Toward a Physics Based Model of Hypervelocity Dust Impacts
Paul J Kellogg, S.D.Bale, Keith Goetz, Steven J. Monson

TL;DR
This paper develops an analytical physics-based model of hypersonic dust impacts on spacecraft, extending previous work, and compares it with observations, highlighting the role of electrostatic forces and antenna contributions in signal generation.
Contribution
It presents a new analytical treatment of dust impact physics, emphasizing electrostatic effects and antenna contributions, advancing understanding beyond prior models and observations.
Findings
Electrostatic forces cause rapid plasma cloud expansion.
Antenna contributions to signals are larger than previously thought.
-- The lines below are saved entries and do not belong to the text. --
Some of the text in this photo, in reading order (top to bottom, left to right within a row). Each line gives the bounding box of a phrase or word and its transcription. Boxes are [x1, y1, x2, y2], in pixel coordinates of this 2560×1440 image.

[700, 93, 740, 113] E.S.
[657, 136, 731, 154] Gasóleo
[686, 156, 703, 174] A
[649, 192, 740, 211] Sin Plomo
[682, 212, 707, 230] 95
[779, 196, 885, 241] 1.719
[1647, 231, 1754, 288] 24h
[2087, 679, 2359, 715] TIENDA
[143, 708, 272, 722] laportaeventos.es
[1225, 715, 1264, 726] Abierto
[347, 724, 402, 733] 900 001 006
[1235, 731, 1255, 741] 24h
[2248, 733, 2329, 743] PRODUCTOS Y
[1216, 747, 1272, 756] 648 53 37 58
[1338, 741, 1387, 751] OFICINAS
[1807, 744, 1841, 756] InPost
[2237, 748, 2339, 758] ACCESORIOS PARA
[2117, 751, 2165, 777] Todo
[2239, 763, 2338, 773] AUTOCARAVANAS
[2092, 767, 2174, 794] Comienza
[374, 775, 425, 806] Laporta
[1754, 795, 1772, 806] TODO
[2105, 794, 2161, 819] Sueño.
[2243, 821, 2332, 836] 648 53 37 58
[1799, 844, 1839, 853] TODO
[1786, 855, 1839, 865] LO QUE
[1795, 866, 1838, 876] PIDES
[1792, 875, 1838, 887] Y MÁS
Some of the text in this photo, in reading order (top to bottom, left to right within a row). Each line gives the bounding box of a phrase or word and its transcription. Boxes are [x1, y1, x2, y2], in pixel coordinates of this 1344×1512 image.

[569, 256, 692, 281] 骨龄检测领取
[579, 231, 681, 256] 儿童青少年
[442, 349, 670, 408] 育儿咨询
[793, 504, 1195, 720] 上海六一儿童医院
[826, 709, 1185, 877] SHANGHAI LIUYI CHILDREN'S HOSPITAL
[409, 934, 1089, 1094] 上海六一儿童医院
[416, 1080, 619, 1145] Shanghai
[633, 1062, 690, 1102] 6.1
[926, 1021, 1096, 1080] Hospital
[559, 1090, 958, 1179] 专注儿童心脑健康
Laboratory charge measurements need calibration for impact size estimation.
Abstract
There has been important understanding of the process by which a hypersonic dust impact makes an electrical signal on a spacecraft sensor, leading to a fuller understanding of the physics. Zaslavsky (2015) showed that the most important signal comes from the charging of the spacecraft, less from charging of an antenna. The present work is an extension of the work of Zaslavsky. An analytical treatment of the physics of a hypersonic dust impact and the mechanism for generating an electrical signal in a sensor, an antenna, is presented. The treatment is compared with observations from STEREO and Parker Solar Probe. A full treatment of this process by simulations seems beyond present computer capabilities, but some parts of the treatment can must depend on simulations but other features can be better understood through analytical treatment. Evidence for a somewhat larger contribution from…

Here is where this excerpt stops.